February 1, 2015 (Vol. 35, No. 3)
Mark Hughes Ph.D. Senior Product Manager Thomson Reuters
Understanding Disease Mechanisms through Multi-Omics Data Integration Pathway Analysis
Advancements in next-generation sequencing (NGS) technologies have enabled researchers to generate genome-wide data of unprecedented quality and quantity. Genomics, expression, microRNA, chromatin IP, methylation, histone modification, and more recently chromosome confirmation capture are rapidly moving into the clinical setting. Projects like 1000 Genomes, Encode, Blueprint, and many smaller projects are providing a rich source of background information and understanding of the genome and the epigenome in relation to normal and disease states.
These applications and content are utilized in numerous research fields from early disease understanding and patient stratification through preclinical and clinical applications like precision medicine. With data generation growing at an exponential rate, the need for efficient analyses, data reduction, and comprehensible visualizations is critical for biomedical interpretation of NGS data.
In the precision medicine age companies are trying to identify specific variants within a group of patients that are then targeted in the drug development pipeline. Identifying these patient cohorts has been greatly advanced by NGS analysis; however the scale, volume, and diversity of data possible with cohort studies and multiple omics approaches all present new challenges. From just handling these large files to identifying the significant data out of the hundreds of millions of data points generated, a systems approach is needed to combine it and aid in identifying driver mutations of a disease.
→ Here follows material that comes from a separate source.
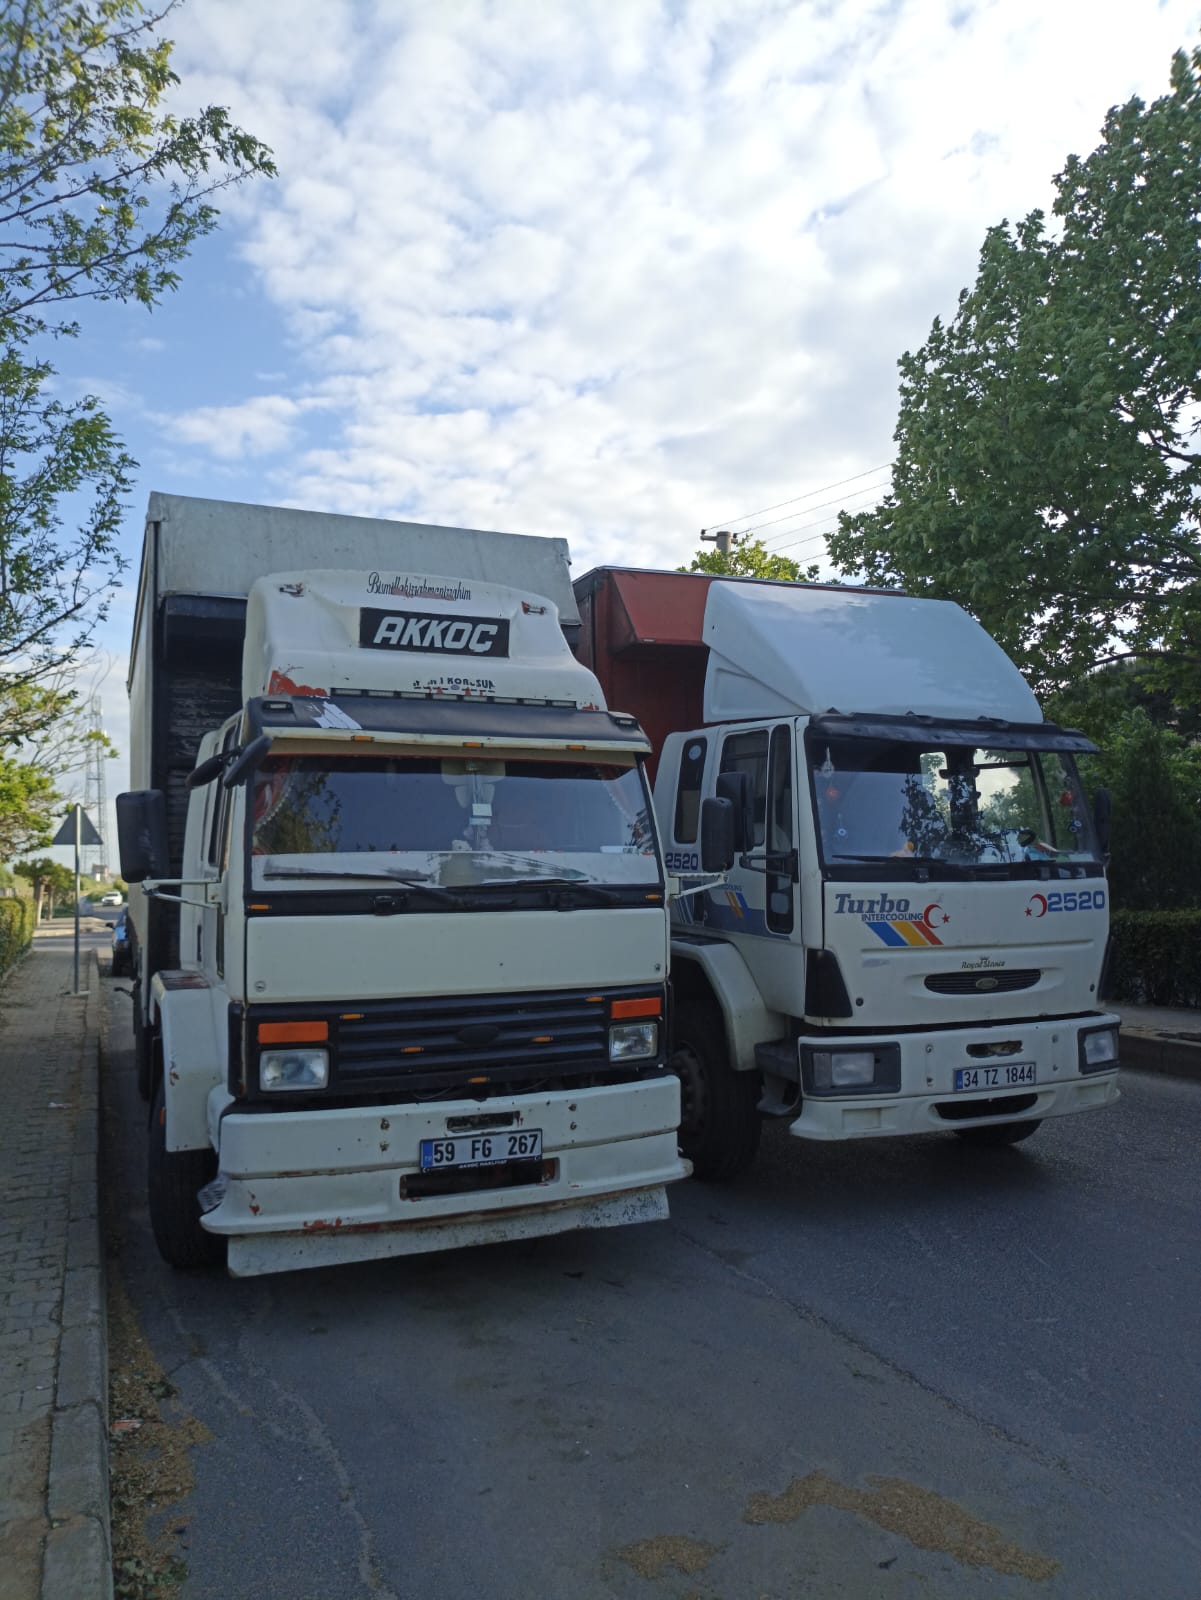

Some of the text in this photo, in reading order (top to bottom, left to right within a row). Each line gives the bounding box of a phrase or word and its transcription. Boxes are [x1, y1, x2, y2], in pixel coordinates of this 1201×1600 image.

Thomson Reuters has enhanced the scope of data and types of analysis needed with MetaCoreTM, an integrated software suite for functional analysis of NGS, variant, CNV, expression, metabolic, SAGE, proteomics, siRNA, microRNA, and screening data to include a variant analysis workflow within the system.
Looking at the NGS pipeline, from raw files to biomedical knowledge, starts with the alignment of raw reads and subsequent analysis of the dataset to compare them to reference or a control/s. Following this are application-specific steps, e.g., variant analysis or expression analysis.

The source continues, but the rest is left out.